Exercise description: The lines to retype are the one with "this 2048×1151 image." and all that follow it to the end of the entries below; copy them exactly and nothing else.
[[ Data under study, beginning ]]
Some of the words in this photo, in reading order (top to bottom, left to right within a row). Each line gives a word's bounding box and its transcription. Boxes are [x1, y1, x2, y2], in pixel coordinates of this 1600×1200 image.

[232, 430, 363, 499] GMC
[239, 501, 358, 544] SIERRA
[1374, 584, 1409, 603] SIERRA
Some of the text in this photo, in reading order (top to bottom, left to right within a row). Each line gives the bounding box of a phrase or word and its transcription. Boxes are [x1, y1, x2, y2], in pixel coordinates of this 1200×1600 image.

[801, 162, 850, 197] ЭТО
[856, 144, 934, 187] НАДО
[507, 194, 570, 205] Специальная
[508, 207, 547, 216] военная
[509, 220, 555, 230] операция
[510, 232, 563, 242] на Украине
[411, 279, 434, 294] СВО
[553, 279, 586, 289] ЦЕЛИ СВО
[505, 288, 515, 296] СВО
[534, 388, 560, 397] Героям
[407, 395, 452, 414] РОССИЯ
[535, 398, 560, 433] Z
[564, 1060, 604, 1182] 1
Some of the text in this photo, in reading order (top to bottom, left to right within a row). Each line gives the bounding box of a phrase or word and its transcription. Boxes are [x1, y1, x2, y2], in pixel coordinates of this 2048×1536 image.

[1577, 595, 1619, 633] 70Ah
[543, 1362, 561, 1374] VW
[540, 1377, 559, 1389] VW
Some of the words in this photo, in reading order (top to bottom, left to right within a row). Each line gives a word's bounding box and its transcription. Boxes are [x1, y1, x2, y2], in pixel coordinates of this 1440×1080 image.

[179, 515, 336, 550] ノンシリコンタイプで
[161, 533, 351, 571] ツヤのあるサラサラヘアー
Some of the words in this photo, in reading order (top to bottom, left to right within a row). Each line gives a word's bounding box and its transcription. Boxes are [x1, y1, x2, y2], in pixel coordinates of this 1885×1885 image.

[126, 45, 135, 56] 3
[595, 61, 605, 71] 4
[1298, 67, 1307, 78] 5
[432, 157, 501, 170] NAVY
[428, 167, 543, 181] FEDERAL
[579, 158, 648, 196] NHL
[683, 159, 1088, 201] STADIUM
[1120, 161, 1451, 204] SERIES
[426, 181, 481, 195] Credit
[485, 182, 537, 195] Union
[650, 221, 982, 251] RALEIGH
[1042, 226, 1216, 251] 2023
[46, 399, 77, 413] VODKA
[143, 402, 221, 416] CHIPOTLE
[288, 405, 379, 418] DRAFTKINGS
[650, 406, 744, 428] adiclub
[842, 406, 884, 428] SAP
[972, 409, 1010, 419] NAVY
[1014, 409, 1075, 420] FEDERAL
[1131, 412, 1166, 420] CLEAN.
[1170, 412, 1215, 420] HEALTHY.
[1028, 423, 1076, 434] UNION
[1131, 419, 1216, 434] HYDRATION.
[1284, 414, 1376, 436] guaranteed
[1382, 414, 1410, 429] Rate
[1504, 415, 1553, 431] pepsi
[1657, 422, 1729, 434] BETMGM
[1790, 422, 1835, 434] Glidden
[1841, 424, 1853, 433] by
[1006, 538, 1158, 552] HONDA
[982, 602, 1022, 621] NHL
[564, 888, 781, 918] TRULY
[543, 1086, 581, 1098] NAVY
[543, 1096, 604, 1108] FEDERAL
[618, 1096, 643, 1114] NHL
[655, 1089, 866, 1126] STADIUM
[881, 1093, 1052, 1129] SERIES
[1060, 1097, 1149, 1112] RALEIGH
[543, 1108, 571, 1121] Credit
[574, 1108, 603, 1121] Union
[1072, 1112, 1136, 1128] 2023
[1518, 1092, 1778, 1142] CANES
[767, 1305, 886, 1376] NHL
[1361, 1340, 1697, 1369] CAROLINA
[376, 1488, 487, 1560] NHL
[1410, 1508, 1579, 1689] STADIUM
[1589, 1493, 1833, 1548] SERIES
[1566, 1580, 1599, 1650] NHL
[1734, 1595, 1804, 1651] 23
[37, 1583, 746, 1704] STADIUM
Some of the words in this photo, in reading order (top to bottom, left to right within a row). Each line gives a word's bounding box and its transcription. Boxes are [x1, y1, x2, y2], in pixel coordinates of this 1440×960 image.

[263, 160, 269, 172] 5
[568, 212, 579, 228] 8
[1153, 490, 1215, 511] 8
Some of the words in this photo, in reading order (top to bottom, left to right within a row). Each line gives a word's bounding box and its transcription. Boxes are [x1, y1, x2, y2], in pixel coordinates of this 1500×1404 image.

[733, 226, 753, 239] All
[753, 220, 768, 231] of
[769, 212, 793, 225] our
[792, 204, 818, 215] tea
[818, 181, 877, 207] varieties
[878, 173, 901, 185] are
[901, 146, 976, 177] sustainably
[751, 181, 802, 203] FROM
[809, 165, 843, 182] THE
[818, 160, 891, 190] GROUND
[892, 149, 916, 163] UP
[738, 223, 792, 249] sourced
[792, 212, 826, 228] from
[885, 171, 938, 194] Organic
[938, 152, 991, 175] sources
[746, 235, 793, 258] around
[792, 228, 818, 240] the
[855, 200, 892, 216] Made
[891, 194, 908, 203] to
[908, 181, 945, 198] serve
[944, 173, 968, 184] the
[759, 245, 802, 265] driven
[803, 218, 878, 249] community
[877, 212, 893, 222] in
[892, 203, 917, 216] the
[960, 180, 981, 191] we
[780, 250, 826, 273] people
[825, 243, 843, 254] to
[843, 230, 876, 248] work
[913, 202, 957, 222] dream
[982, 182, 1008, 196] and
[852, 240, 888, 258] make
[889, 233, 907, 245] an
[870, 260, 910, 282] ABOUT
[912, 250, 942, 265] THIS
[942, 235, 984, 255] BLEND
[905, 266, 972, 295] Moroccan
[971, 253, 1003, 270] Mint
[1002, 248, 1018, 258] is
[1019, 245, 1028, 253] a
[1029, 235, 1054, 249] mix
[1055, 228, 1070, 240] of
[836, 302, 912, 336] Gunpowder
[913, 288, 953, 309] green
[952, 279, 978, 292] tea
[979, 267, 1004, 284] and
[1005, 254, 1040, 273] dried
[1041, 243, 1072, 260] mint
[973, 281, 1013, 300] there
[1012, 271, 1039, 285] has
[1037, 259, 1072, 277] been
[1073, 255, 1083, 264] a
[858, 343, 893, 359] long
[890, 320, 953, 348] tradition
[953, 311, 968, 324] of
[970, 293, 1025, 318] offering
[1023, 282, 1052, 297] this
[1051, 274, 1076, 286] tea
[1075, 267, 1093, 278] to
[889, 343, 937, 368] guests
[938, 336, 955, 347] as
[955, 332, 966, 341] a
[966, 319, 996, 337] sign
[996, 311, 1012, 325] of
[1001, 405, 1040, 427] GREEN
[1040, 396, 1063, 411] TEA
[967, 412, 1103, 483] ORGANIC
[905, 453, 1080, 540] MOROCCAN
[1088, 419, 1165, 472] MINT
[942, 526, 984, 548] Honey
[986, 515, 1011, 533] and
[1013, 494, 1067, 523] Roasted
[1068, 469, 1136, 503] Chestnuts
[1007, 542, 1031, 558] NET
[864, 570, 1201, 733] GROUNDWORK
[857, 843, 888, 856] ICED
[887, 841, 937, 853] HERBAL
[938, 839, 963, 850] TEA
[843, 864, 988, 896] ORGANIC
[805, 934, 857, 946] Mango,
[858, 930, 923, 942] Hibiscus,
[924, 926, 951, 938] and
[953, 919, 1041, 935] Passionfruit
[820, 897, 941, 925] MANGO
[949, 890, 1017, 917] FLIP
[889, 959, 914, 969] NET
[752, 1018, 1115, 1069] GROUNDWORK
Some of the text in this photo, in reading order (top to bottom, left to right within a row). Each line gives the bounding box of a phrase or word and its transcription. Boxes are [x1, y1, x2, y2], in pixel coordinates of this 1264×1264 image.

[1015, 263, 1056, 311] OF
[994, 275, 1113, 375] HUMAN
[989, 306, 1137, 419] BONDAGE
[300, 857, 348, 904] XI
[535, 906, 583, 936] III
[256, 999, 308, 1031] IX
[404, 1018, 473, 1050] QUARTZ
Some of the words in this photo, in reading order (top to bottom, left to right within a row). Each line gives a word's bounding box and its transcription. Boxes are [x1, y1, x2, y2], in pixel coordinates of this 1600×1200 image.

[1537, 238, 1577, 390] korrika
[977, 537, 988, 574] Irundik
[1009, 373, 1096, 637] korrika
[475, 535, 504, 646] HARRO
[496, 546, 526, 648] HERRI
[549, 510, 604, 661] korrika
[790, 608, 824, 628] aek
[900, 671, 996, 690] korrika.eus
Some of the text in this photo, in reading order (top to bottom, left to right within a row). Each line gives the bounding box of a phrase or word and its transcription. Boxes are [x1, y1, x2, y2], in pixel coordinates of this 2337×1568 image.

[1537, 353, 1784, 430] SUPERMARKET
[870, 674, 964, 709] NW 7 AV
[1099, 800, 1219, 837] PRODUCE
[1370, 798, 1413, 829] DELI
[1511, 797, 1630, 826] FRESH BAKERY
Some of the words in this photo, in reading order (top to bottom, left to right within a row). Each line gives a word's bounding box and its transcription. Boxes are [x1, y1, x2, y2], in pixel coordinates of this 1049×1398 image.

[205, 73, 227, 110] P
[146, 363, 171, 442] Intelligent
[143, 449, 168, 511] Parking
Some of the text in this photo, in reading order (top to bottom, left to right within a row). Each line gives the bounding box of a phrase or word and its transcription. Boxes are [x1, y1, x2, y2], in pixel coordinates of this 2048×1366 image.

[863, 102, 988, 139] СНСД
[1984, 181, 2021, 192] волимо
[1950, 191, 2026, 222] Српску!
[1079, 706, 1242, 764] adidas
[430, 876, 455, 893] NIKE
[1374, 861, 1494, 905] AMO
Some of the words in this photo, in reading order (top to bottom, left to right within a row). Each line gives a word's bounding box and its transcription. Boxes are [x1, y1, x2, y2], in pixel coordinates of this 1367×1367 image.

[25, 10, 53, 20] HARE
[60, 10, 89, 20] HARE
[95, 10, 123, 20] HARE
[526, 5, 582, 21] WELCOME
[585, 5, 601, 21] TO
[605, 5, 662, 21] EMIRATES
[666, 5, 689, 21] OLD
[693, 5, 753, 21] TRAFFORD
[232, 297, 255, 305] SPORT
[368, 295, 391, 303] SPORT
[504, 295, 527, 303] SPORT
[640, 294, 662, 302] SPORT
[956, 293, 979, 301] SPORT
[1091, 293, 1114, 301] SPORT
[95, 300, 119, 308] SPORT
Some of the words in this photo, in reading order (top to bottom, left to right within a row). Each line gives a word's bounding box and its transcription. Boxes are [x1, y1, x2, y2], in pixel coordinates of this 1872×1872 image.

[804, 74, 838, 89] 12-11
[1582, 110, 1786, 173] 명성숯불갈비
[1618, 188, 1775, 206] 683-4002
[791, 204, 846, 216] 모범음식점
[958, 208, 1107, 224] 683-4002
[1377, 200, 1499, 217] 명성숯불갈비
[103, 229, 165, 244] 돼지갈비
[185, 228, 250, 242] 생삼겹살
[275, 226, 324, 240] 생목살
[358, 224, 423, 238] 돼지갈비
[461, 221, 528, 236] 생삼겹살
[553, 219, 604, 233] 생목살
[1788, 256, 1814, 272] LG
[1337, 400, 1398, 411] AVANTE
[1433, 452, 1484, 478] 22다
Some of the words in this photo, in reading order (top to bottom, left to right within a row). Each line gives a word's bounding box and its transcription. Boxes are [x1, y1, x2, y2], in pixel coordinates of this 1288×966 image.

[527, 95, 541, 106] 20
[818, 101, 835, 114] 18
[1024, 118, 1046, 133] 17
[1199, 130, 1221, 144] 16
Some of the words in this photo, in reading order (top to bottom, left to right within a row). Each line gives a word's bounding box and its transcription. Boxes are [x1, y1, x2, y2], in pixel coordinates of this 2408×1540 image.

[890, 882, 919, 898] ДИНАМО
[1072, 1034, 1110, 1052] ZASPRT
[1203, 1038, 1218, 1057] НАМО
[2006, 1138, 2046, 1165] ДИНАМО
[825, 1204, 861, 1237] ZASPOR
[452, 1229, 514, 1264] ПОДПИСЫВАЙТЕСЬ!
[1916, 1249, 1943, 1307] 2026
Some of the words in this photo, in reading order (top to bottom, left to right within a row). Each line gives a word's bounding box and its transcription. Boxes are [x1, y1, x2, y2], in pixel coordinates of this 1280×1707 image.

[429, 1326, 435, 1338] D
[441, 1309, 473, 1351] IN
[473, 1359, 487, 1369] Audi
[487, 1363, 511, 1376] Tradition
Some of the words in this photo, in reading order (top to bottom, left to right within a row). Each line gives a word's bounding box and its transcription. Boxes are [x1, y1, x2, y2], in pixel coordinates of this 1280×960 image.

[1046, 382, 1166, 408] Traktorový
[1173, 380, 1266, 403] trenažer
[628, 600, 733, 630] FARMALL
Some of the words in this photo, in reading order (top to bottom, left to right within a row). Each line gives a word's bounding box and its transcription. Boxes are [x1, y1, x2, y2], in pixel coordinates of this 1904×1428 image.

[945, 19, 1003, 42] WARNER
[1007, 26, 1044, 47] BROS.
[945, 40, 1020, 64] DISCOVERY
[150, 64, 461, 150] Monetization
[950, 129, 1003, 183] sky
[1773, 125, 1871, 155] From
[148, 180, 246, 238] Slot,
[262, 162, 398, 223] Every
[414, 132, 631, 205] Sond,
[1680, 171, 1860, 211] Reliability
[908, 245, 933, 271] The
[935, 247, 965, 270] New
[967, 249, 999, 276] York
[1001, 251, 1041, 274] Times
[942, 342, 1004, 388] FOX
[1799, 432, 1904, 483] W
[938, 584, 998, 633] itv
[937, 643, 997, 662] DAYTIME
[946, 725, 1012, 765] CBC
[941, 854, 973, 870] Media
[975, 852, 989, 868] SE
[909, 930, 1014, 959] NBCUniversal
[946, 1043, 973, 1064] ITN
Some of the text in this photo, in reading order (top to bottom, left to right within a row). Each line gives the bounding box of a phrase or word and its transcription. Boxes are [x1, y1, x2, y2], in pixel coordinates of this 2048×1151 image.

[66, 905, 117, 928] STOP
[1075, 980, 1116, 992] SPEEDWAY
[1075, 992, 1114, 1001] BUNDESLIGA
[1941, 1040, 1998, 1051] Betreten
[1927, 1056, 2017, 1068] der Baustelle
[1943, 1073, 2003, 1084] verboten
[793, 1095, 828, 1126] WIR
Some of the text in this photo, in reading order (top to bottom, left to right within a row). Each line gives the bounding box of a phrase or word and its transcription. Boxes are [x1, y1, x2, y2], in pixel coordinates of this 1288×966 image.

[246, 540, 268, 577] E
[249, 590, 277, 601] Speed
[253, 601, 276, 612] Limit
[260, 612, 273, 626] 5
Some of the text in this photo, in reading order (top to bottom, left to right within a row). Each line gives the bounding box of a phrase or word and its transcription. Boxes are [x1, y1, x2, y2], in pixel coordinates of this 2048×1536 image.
[[ Data under study, end ]]
Answer box:
Some of the text in this photo, in reading order (top to bottom, left to right within a row). Each line gives the bounding box of a phrase or word and its transcription. Boxes are [x1, y1, x2, y2], in pixel coordinates of this 2048×1151 image.

[66, 905, 117, 928] STOP
[1075, 980, 1116, 992] SPEEDWAY
[1075, 992, 1114, 1001] BUNDESLIGA
[1941, 1040, 1998, 1051] Betreten
[1927, 1056, 2017, 1068] der Baustelle
[1943, 1073, 2003, 1084] verboten
[793, 1095, 828, 1126] WIR
Some of the text in this photo, in reading order (top to bottom, left to right within a row). Each line gives the bounding box of a phrase or word and its transcription. Boxes are [x1, y1, x2, y2], in pixel coordinates of this 1288×966 image.

[246, 540, 268, 577] E
[249, 590, 277, 601] Speed
[253, 601, 276, 612] Limit
[260, 612, 273, 626] 5
Some of the text in this photo, in reading order (top to bottom, left to right within a row). Each line gives the bounding box of a phrase or word and its transcription. Boxes are [x1, y1, x2, y2], in pixel coordinates of this 2048×1536 image.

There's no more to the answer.